**Provided records**
^^^^

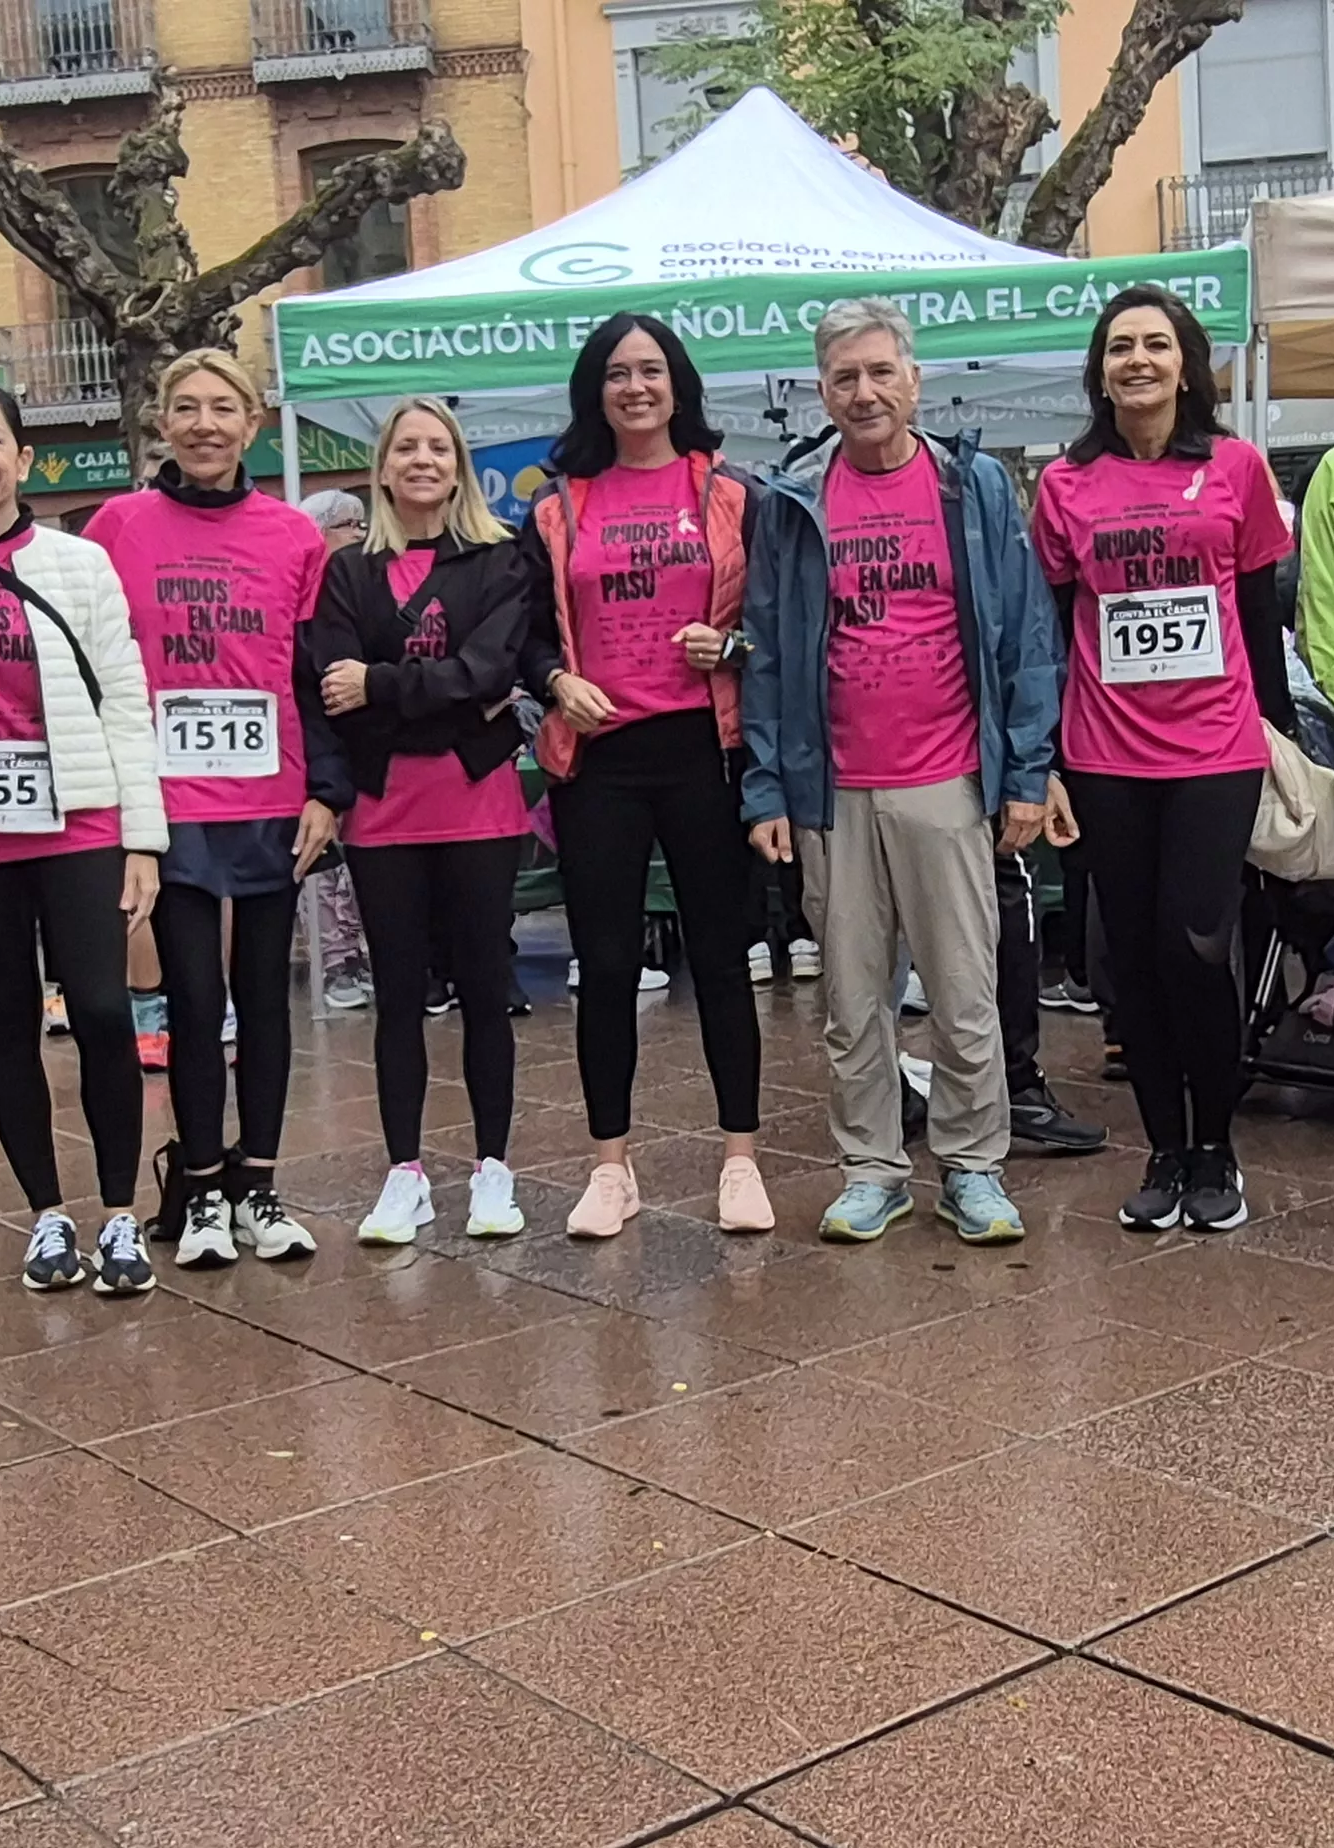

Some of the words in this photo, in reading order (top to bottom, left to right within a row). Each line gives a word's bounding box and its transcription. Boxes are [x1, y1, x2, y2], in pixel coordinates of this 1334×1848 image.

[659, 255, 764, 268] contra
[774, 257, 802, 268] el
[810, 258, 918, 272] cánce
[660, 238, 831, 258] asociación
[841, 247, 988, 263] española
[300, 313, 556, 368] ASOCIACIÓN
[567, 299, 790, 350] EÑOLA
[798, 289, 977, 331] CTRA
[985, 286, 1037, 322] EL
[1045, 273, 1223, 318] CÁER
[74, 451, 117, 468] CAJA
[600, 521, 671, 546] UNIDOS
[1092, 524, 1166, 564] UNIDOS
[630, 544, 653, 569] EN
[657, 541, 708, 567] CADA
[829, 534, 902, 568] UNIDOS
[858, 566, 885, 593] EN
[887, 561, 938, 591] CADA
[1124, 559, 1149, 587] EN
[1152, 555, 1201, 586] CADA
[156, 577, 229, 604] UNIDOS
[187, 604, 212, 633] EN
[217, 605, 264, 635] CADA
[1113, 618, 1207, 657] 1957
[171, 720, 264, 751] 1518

^^^^

**Exercise aim**
Set down all records verbatim, omitting images.

**Written solution**
Some of the words in this photo, in reading order (top to bottom, left to right within a row). Each line gives a word's bounding box and its transcription. Boxes are [x1, y1, x2, y2], in pixel coordinates of this 1334×1848 image.

[659, 255, 764, 268] contra
[774, 257, 802, 268] el
[810, 258, 918, 272] cánce
[660, 238, 831, 258] asociación
[841, 247, 988, 263] española
[300, 313, 556, 368] ASOCIACIÓN
[567, 299, 790, 350] EÑOLA
[798, 289, 977, 331] CTRA
[985, 286, 1037, 322] EL
[1045, 273, 1223, 318] CÁER
[74, 451, 117, 468] CAJA
[600, 521, 671, 546] UNIDOS
[1092, 524, 1166, 564] UNIDOS
[630, 544, 653, 569] EN
[657, 541, 708, 567] CADA
[829, 534, 902, 568] UNIDOS
[858, 566, 885, 593] EN
[887, 561, 938, 591] CADA
[1124, 559, 1149, 587] EN
[1152, 555, 1201, 586] CADA
[156, 577, 229, 604] UNIDOS
[187, 604, 212, 633] EN
[217, 605, 264, 635] CADA
[1113, 618, 1207, 657] 1957
[171, 720, 264, 751] 1518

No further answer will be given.